According to a statement released by TurkStream, after entering the Black Sea on June 20, Pioneering Spirit completed a set of preparatory works, including lowering of the stinger and re-testing of pipe-laying equipment.

"The pipeline head of the second string was recovered from the bottom of the Black Sea on the border of Russian and the Turkish Exclusive Economic Zones (EEZ) at a depth of 2,170 meters (1.35 miles). This pipeline section, up to the EEZ border at kilometer point 224, was installed in 2017," the statement read.

"Calculated over the two lines, a total of 1,161 kilometer of pipes has been laid so far. This corresponds to 62 percent of the combined offshore gas pipeline length," it said.

Minister of Energy and Natural Resources Berat Albayrak had previously said that they would complete the second line of the TurkStream project with Russia by the end of 2019.
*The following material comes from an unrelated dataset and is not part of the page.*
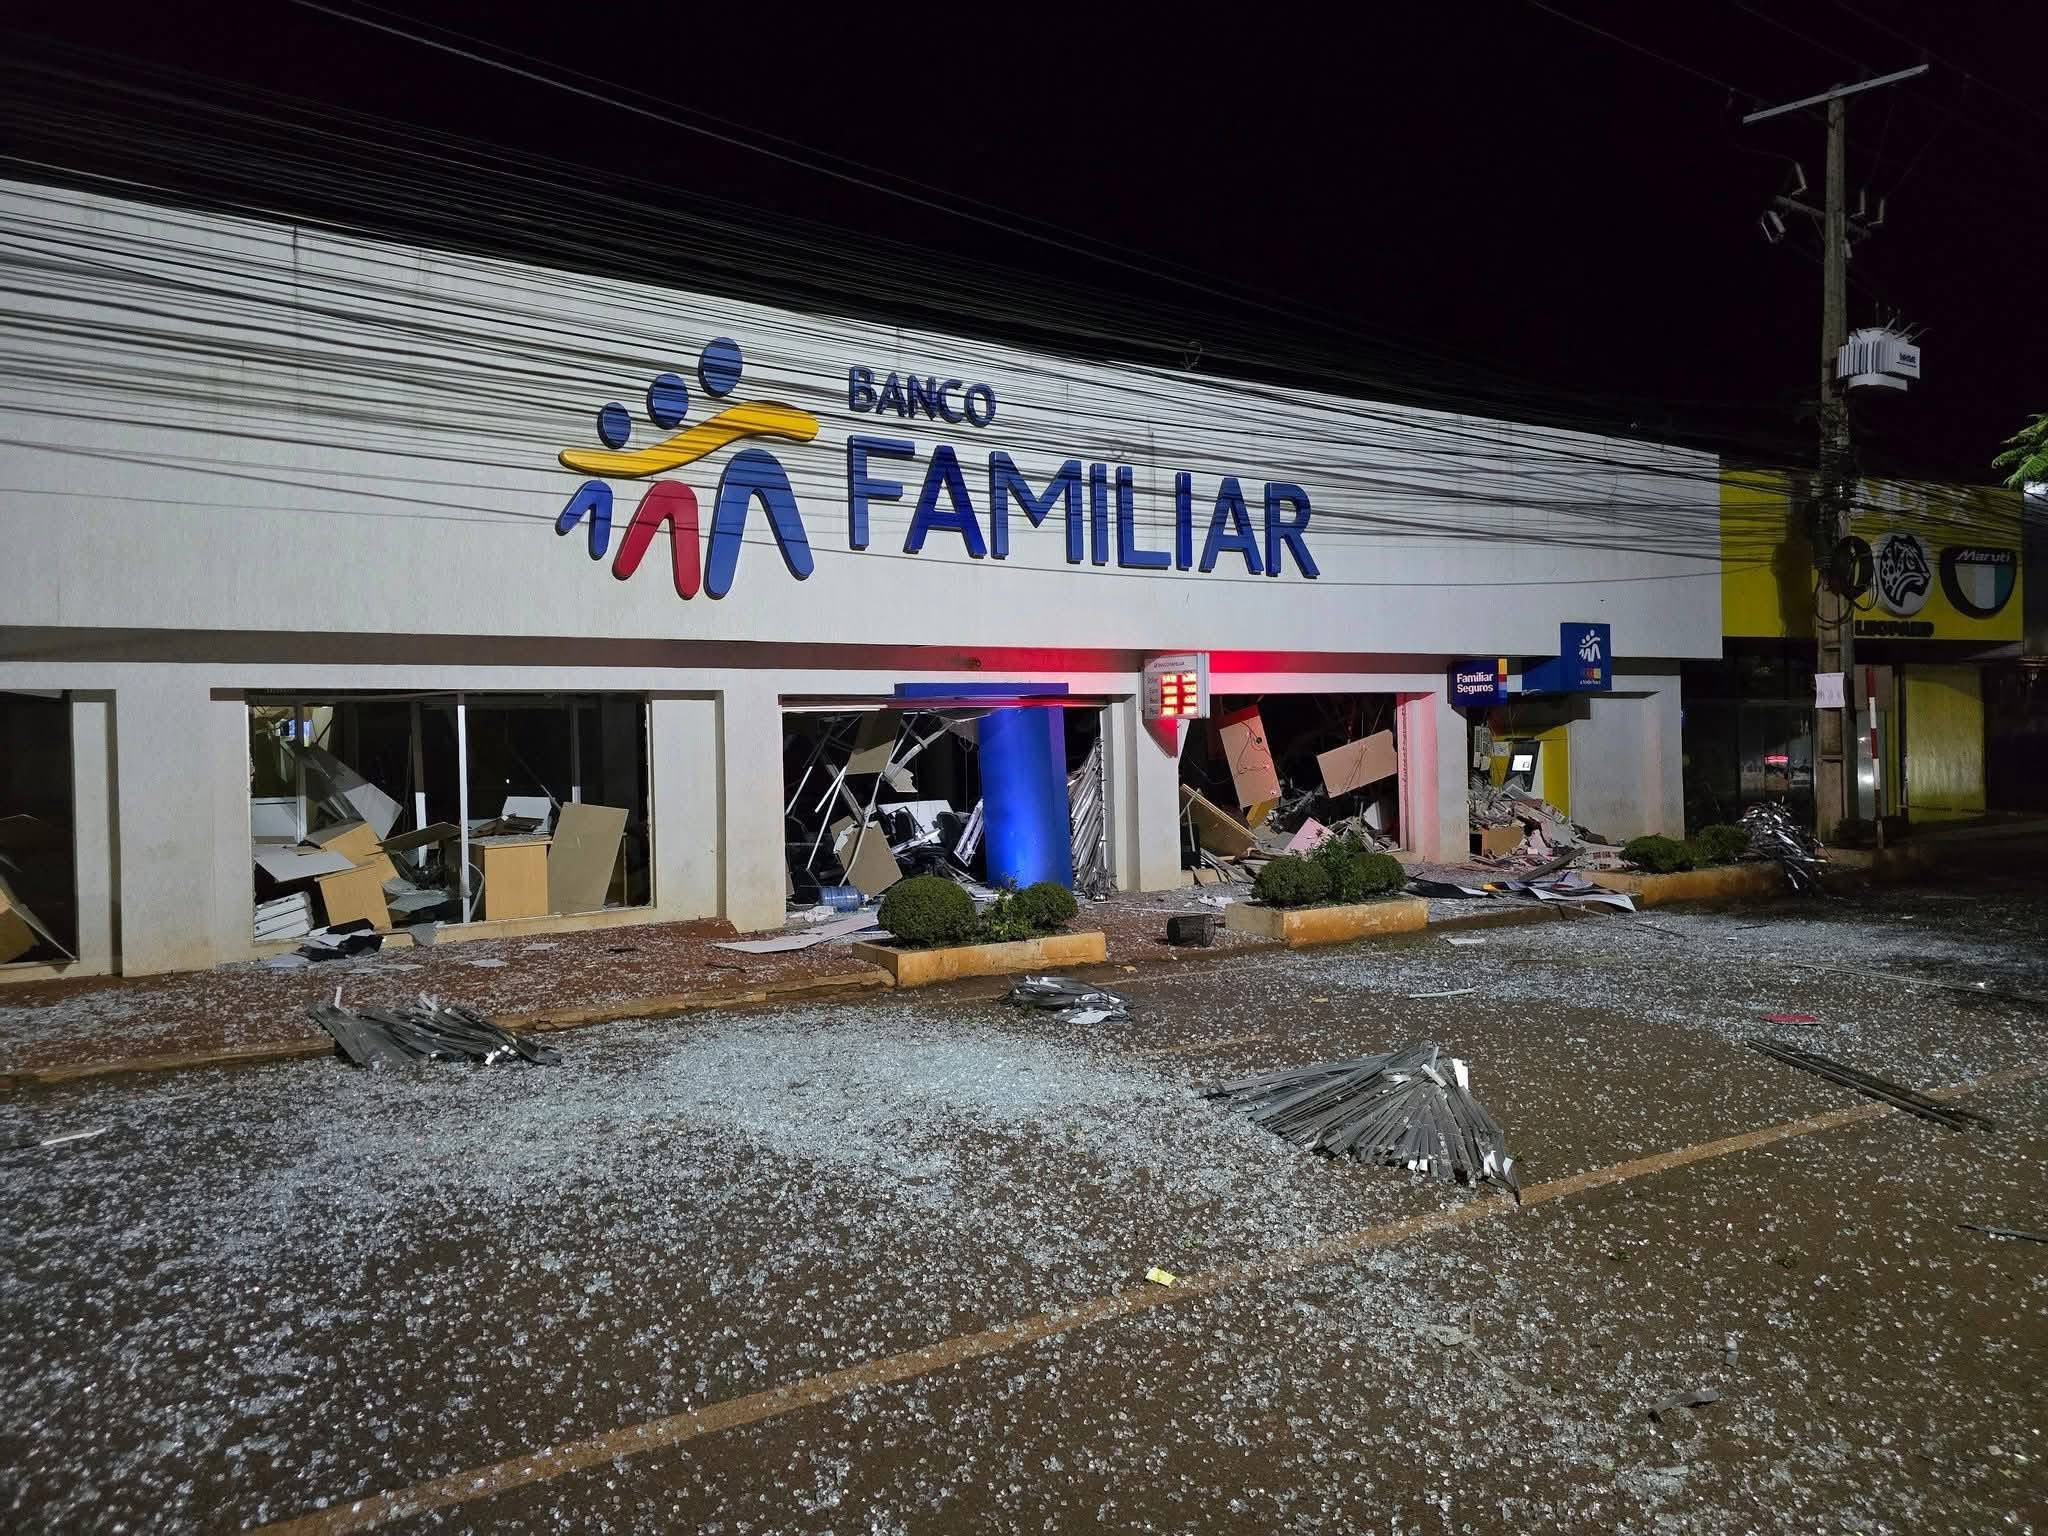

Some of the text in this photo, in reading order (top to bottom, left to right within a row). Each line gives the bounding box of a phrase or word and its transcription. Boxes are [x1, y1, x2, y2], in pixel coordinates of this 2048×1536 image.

The first line of the gas pipeline is intended for Turkish consumers, while the second line is designated for South and Southeastern Europe. Each line will have a throughput capacity of 15.75 billion cubic meters of gas per year. South Stream Transport B.V., a wholly-owned subsidiary of Gazprom PJSC, is responsible for the construction of the gas pipeline's offshore section. Gas transfer is planned from the Ipsala border to European Union countries, although the definitive route of the second line has not yet been determined. Negotiations are ongoing with countries interested in the project.

According to Gazprom officials, Gazprom's exports to Europe have been on the rise since 2012, and the continent has been the biggest customer of the company over the last 25 years. The company exported 190 billion cubic meters of natural gas to Europe in 2017. TurkStream was first proposed by the Russian president in 2014 during his visit to Turkey. But after the jet-downing crisis in November 2015 the project was suspended until relations began to normalize. On Oct. 10, Turkey and Russia signed an intergovernmental agreement on construction of the planned TurkStream gas pipeline to compress Russian gas under Turkish waters in the Black Sea towards Europe.
The agreement was signed by Albayrak and his Russian counterpart Alexander Novak, in the presence of Russian President Putin and President Recep Tayyip Erdoğan after talks in Istanbul as part of the 23rd World Energy Congress.